**EXERCISE:**
Give back the data in full, with every line exact.
*** Block opens ***
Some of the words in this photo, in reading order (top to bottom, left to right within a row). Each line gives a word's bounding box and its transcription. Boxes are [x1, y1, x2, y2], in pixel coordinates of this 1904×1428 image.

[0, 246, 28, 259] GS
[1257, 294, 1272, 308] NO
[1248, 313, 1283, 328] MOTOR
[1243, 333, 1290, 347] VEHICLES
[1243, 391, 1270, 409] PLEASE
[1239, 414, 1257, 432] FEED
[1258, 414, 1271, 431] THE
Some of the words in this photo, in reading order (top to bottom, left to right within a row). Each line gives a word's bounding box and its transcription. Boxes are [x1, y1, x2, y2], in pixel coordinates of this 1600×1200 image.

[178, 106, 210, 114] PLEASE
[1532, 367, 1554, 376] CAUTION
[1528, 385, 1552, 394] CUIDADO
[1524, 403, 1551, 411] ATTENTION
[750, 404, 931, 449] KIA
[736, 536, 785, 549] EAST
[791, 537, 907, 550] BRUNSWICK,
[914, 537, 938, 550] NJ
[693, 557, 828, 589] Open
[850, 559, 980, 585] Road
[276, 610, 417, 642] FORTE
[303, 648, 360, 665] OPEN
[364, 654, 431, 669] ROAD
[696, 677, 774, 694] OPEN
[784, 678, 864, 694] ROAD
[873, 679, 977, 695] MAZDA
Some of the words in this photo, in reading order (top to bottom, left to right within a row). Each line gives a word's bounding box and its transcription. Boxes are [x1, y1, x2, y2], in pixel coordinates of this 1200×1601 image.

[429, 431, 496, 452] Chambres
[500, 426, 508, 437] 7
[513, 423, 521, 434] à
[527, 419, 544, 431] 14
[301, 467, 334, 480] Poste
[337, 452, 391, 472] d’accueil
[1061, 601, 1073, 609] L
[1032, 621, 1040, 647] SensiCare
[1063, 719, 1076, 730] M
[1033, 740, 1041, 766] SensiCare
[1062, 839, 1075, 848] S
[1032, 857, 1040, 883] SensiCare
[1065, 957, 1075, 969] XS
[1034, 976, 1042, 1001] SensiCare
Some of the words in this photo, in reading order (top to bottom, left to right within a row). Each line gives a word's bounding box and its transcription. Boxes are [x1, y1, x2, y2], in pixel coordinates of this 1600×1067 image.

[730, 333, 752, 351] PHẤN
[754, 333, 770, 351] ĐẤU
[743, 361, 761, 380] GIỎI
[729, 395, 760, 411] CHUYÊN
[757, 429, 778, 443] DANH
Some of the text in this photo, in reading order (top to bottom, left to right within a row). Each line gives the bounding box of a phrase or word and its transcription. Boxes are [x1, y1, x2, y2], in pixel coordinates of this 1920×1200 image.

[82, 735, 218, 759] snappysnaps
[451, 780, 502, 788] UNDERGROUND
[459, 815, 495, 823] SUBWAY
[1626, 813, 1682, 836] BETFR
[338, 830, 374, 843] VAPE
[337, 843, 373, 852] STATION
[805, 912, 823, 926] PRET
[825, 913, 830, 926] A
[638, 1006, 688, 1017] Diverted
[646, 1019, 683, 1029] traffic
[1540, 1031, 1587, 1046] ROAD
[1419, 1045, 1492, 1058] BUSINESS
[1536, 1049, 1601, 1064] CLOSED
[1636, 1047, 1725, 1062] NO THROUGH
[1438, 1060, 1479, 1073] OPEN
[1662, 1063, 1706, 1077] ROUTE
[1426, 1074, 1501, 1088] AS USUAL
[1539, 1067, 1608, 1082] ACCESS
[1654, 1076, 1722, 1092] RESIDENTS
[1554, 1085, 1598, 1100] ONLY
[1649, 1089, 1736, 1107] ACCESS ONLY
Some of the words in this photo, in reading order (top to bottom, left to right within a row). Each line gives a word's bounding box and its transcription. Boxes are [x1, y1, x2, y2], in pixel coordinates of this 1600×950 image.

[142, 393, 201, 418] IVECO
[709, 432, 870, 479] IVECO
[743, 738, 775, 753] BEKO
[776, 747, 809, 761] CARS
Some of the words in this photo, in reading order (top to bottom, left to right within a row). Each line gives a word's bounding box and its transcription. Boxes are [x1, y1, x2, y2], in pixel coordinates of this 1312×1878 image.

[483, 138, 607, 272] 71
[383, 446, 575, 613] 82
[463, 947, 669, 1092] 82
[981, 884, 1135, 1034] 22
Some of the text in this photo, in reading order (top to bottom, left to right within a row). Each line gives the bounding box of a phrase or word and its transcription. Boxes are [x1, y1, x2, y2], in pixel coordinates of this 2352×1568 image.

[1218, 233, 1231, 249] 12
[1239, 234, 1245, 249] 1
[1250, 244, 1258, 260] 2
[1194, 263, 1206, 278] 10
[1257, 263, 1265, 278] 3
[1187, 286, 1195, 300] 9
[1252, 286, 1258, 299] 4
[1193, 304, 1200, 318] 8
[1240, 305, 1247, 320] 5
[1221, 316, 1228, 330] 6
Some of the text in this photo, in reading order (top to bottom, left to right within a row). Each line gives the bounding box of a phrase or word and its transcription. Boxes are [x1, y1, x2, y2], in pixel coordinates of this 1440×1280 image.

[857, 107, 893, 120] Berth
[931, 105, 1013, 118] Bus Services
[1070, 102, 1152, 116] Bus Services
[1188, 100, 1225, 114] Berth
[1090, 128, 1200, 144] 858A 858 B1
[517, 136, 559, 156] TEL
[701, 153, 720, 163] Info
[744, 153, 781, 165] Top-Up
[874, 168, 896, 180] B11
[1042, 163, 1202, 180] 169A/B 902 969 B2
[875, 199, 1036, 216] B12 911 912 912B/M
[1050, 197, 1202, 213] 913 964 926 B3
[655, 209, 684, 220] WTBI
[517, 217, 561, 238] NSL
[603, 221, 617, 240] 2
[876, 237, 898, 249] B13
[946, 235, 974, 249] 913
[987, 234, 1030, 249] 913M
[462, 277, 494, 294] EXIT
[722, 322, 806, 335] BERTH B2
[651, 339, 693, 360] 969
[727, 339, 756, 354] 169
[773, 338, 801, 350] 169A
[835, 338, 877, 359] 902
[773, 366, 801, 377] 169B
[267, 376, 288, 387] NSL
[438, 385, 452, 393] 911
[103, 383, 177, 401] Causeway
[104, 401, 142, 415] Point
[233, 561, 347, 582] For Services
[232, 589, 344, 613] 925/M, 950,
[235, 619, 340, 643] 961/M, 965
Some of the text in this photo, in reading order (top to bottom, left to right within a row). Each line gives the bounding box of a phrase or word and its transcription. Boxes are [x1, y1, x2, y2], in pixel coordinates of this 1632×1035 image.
*** Block closes ***
**RESULT:**
Some of the words in this photo, in reading order (top to bottom, left to right within a row). Each line gives a word's bounding box and its transcription. Boxes are [x1, y1, x2, y2], in pixel coordinates of this 1904×1428 image.

[0, 246, 28, 259] GS
[1257, 294, 1272, 308] NO
[1248, 313, 1283, 328] MOTOR
[1243, 333, 1290, 347] VEHICLES
[1243, 391, 1270, 409] PLEASE
[1239, 414, 1257, 432] FEED
[1258, 414, 1271, 431] THE
Some of the words in this photo, in reading order (top to bottom, left to right within a row). Each line gives a word's bounding box and its transcription. Boxes are [x1, y1, x2, y2], in pixel coordinates of this 1600×1200 image.

[178, 106, 210, 114] PLEASE
[1532, 367, 1554, 376] CAUTION
[1528, 385, 1552, 394] CUIDADO
[1524, 403, 1551, 411] ATTENTION
[750, 404, 931, 449] KIA
[736, 536, 785, 549] EAST
[791, 537, 907, 550] BRUNSWICK,
[914, 537, 938, 550] NJ
[693, 557, 828, 589] Open
[850, 559, 980, 585] Road
[276, 610, 417, 642] FORTE
[303, 648, 360, 665] OPEN
[364, 654, 431, 669] ROAD
[696, 677, 774, 694] OPEN
[784, 678, 864, 694] ROAD
[873, 679, 977, 695] MAZDA
Some of the words in this photo, in reading order (top to bottom, left to right within a row). Each line gives a word's bounding box and its transcription. Boxes are [x1, y1, x2, y2], in pixel coordinates of this 1200×1601 image.

[429, 431, 496, 452] Chambres
[500, 426, 508, 437] 7
[513, 423, 521, 434] à
[527, 419, 544, 431] 14
[301, 467, 334, 480] Poste
[337, 452, 391, 472] d’accueil
[1061, 601, 1073, 609] L
[1032, 621, 1040, 647] SensiCare
[1063, 719, 1076, 730] M
[1033, 740, 1041, 766] SensiCare
[1062, 839, 1075, 848] S
[1032, 857, 1040, 883] SensiCare
[1065, 957, 1075, 969] XS
[1034, 976, 1042, 1001] SensiCare
Some of the words in this photo, in reading order (top to bottom, left to right within a row). Each line gives a word's bounding box and its transcription. Boxes are [x1, y1, x2, y2], in pixel coordinates of this 1600×1067 image.

[730, 333, 752, 351] PHẤN
[754, 333, 770, 351] ĐẤU
[743, 361, 761, 380] GIỎI
[729, 395, 760, 411] CHUYÊN
[757, 429, 778, 443] DANH
Some of the text in this photo, in reading order (top to bottom, left to right within a row). Each line gives the bounding box of a phrase or word and its transcription. Boxes are [x1, y1, x2, y2], in pixel coordinates of this 1920×1200 image.

[82, 735, 218, 759] snappysnaps
[451, 780, 502, 788] UNDERGROUND
[459, 815, 495, 823] SUBWAY
[1626, 813, 1682, 836] BETFR
[338, 830, 374, 843] VAPE
[337, 843, 373, 852] STATION
[805, 912, 823, 926] PRET
[825, 913, 830, 926] A
[638, 1006, 688, 1017] Diverted
[646, 1019, 683, 1029] traffic
[1540, 1031, 1587, 1046] ROAD
[1419, 1045, 1492, 1058] BUSINESS
[1536, 1049, 1601, 1064] CLOSED
[1636, 1047, 1725, 1062] NO THROUGH
[1438, 1060, 1479, 1073] OPEN
[1662, 1063, 1706, 1077] ROUTE
[1426, 1074, 1501, 1088] AS USUAL
[1539, 1067, 1608, 1082] ACCESS
[1654, 1076, 1722, 1092] RESIDENTS
[1554, 1085, 1598, 1100] ONLY
[1649, 1089, 1736, 1107] ACCESS ONLY
Some of the words in this photo, in reading order (top to bottom, left to right within a row). Each line gives a word's bounding box and its transcription. Boxes are [x1, y1, x2, y2], in pixel coordinates of this 1600×950 image.

[142, 393, 201, 418] IVECO
[709, 432, 870, 479] IVECO
[743, 738, 775, 753] BEKO
[776, 747, 809, 761] CARS
Some of the words in this photo, in reading order (top to bottom, left to right within a row). Each line gives a word's bounding box and its transcription. Boxes are [x1, y1, x2, y2], in pixel coordinates of this 1312×1878 image.

[483, 138, 607, 272] 71
[383, 446, 575, 613] 82
[463, 947, 669, 1092] 82
[981, 884, 1135, 1034] 22
Some of the text in this photo, in reading order (top to bottom, left to right within a row). Each line gives the bounding box of a phrase or word and its transcription. Boxes are [x1, y1, x2, y2], in pixel coordinates of this 2352×1568 image.

[1218, 233, 1231, 249] 12
[1239, 234, 1245, 249] 1
[1250, 244, 1258, 260] 2
[1194, 263, 1206, 278] 10
[1257, 263, 1265, 278] 3
[1187, 286, 1195, 300] 9
[1252, 286, 1258, 299] 4
[1193, 304, 1200, 318] 8
[1240, 305, 1247, 320] 5
[1221, 316, 1228, 330] 6
Some of the text in this photo, in reading order (top to bottom, left to right within a row). Each line gives the bounding box of a phrase or word and its transcription. Boxes are [x1, y1, x2, y2], in pixel coordinates of this 1440×1280 image.

[857, 107, 893, 120] Berth
[931, 105, 1013, 118] Bus Services
[1070, 102, 1152, 116] Bus Services
[1188, 100, 1225, 114] Berth
[1090, 128, 1200, 144] 858A 858 B1
[517, 136, 559, 156] TEL
[701, 153, 720, 163] Info
[744, 153, 781, 165] Top-Up
[874, 168, 896, 180] B11
[1042, 163, 1202, 180] 169A/B 902 969 B2
[875, 199, 1036, 216] B12 911 912 912B/M
[1050, 197, 1202, 213] 913 964 926 B3
[655, 209, 684, 220] WTBI
[517, 217, 561, 238] NSL
[603, 221, 617, 240] 2
[876, 237, 898, 249] B13
[946, 235, 974, 249] 913
[987, 234, 1030, 249] 913M
[462, 277, 494, 294] EXIT
[722, 322, 806, 335] BERTH B2
[651, 339, 693, 360] 969
[727, 339, 756, 354] 169
[773, 338, 801, 350] 169A
[835, 338, 877, 359] 902
[773, 366, 801, 377] 169B
[267, 376, 288, 387] NSL
[438, 385, 452, 393] 911
[103, 383, 177, 401] Causeway
[104, 401, 142, 415] Point
[233, 561, 347, 582] For Services
[232, 589, 344, 613] 925/M, 950,
[235, 619, 340, 643] 961/M, 965
Some of the text in this photo, in reading order (top to bottom, left to right within a row). Each line gives the bounding box of a phrase or word and its transcription. Boxes are [x1, y1, x2, y2], in pixel coordinates of this 1632×1035 image.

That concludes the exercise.